We might have already had a feeling before that the advancements were coming too fast, and we had difficulty keeping up with all the changes. These last few weeks have been a precursor to what is yet to come. I'm sure most people are already looking forward to this future. The future, where knowledge couldn't be any closer to any individual. Some will immediately explore how this new future can be exploited to benefit them.
Imagine an AI integrated into a cyber-security platform with complete oversight of what is happening (SIEM, IDS, EDR, EDX, and others). An assistant whom you can give a task to consolidate the available data and generate a report of incidents and their resolution. An assistant who can notify you of new vulnerabilities and their impact on your organization. I'm sure you have many more applications in your mind, but have you thought about the possibility that such an assistant can be asked what would be the best way to breach the current security perimeter, which attack vector would be least visible, or which way to exfiltrate the sensitive data knowing your internal IT landscape and IT assets as well as technology deployed? Or which user failed the most phishing attempts or got the most antivirus alerts within the finance department?
Imagine an assistant who can optimize the company's logistics and operations based on current inventory data and usage/expenditure of components, parts, and raw materials in production along with the production plan. And now, imagine someone asking the same assistant how to perform the most efficient supply chain attack.
And finally, imagine having an assistant trained on the best-performing companies' data to support the critical decisions of the top-level managers. We don't even have to go to the future as, since last August, there is already an AI-based CEO - Mrs. Tang Yu .
The above examples might make you think that not adopting the technology internally might mitigate the risk sufficiently - at least in these early days. But it doesn't end there.
Imagine that there are groups (independent APT groups or even state-sponsored ones) that can train the cyber-specific model. Such a model can focus on collecting and consolidating information from publicly available sources (OSINT). How authentic will the new spear-phishing email look when the model generates it based on the social network profiles of the head of the finance department?

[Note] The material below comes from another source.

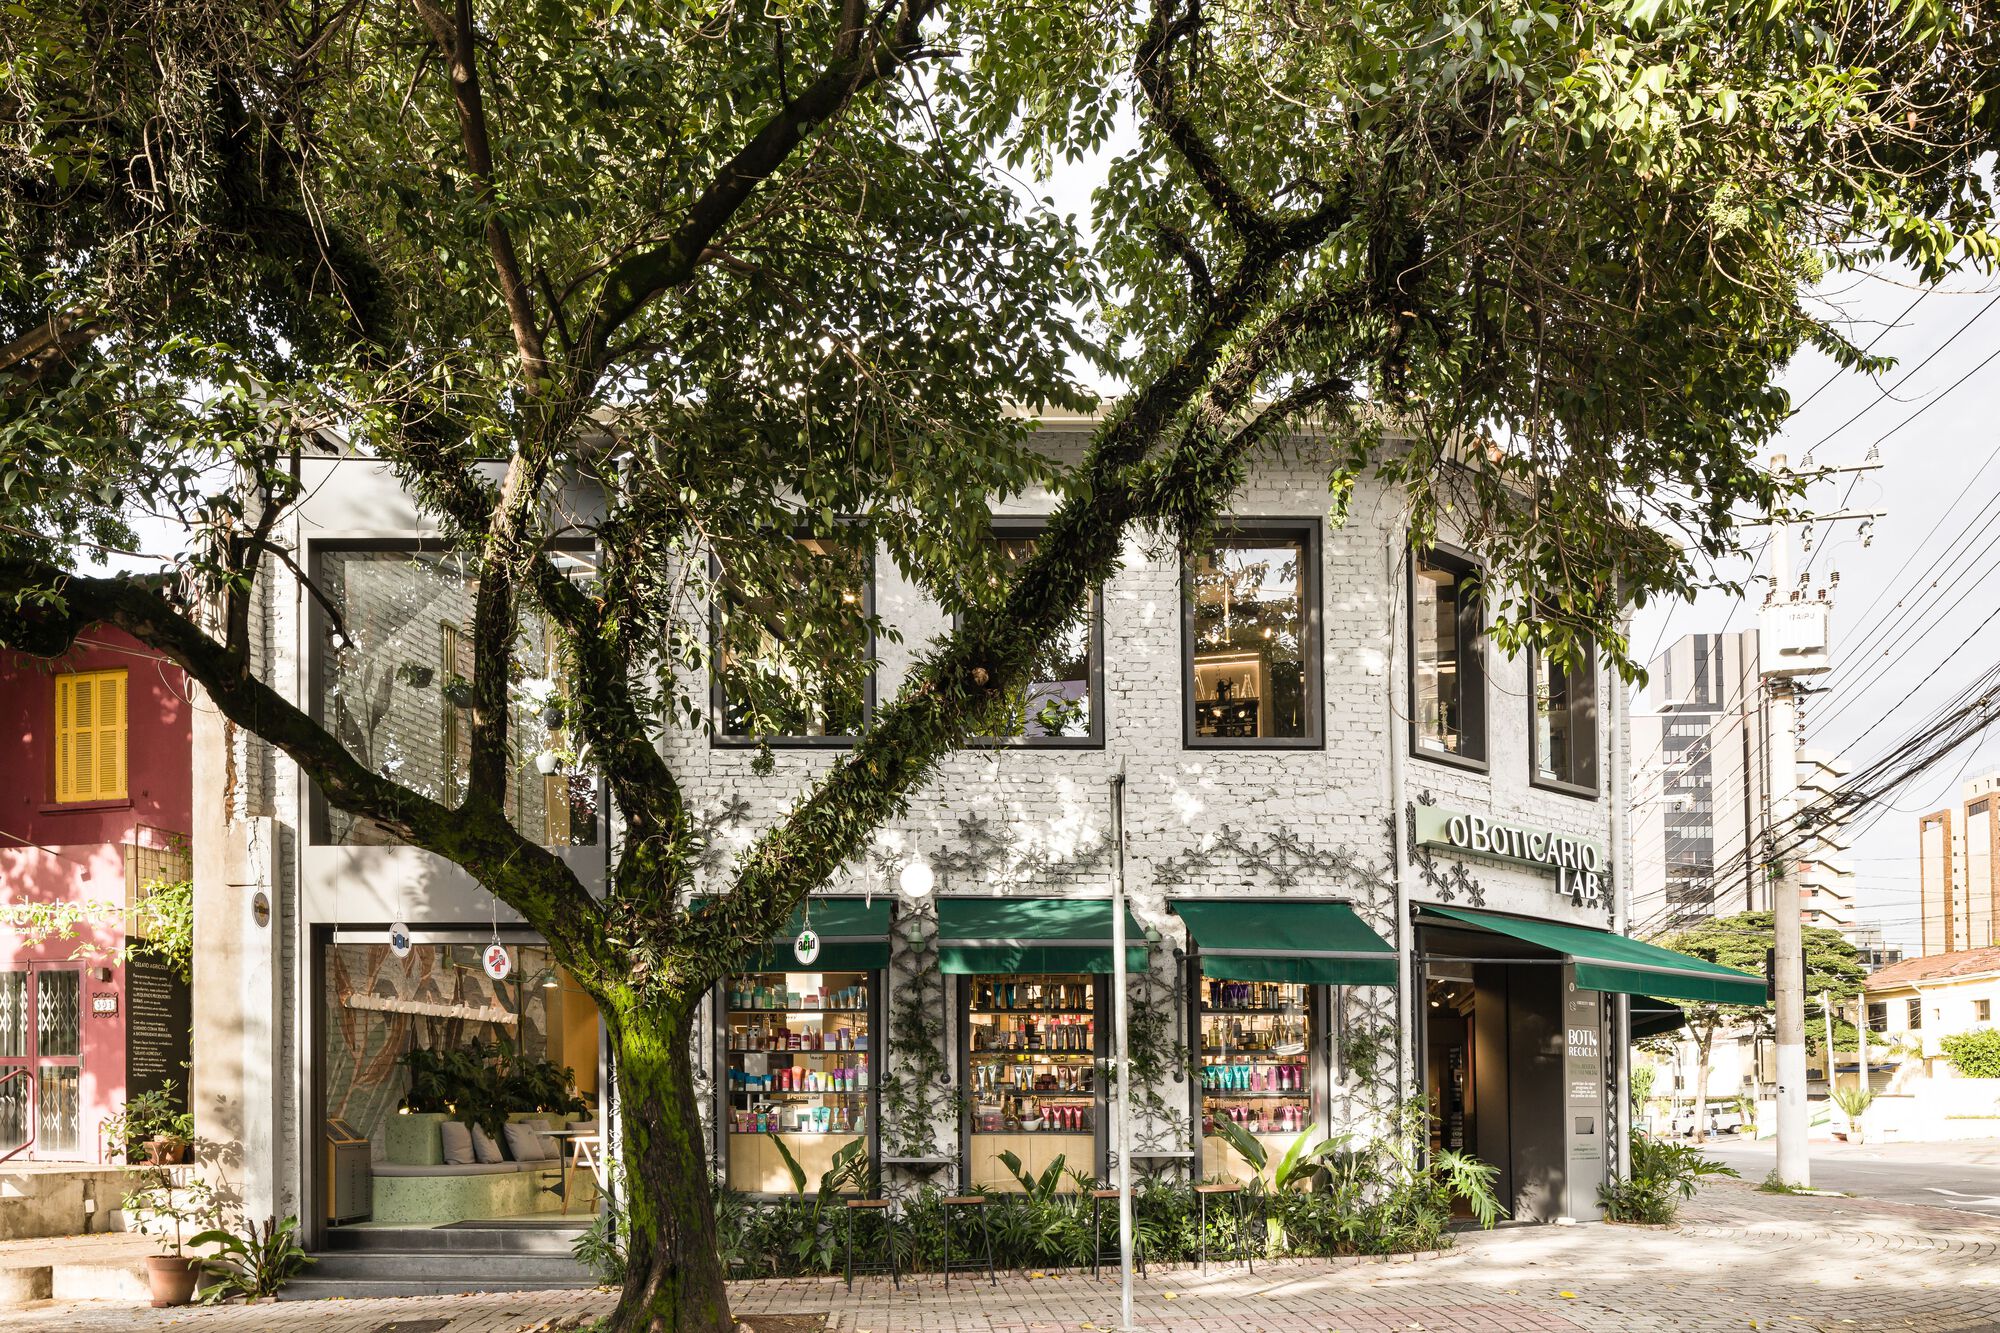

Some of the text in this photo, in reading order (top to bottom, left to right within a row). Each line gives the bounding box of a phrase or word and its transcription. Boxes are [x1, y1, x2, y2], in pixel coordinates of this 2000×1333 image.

[1557, 866, 1599, 900] LAB
[798, 938, 815, 950] acid
[1568, 1046, 1598, 1057] RECICLA

How authentic will it look when considering public information and partnership announcements to write a Business Email Compromise email leveraging a database of leaked mail credentials or mobile numbers?
How efficient such an assistant would be in advising the hackers on the best possible targets for spear phishing or even on the shortest path to exploitation, considering all the publicly available information about the organization - used technologies and associated known vulnerabilities?
As Stan Lee wrote in 1962 in Spiderman comics through the character of Uncle Ben - "With great power comes great responsibility."
There will be many challenges and risks with this new technology and its adoption into various aspects of businesses and our lives. There will be voices against its wide adoption without a proper risk assessment (as is already happening ), but, as Bloomberg states - it might be too late now, as the technology is out there. Governments, companies, and academics will further formulate the guiding principles to mitigate the abuse of this technology. However, fraudsters and cyber criminals will get their hands on it and exploit it without any hesitation or moral limits. Immediately.
For us - people trying to fight against these criminals - we must prepare ourselves - primarily through self-education and upskilling to ensure our capabilities and prowess are at par with theirs, if not above.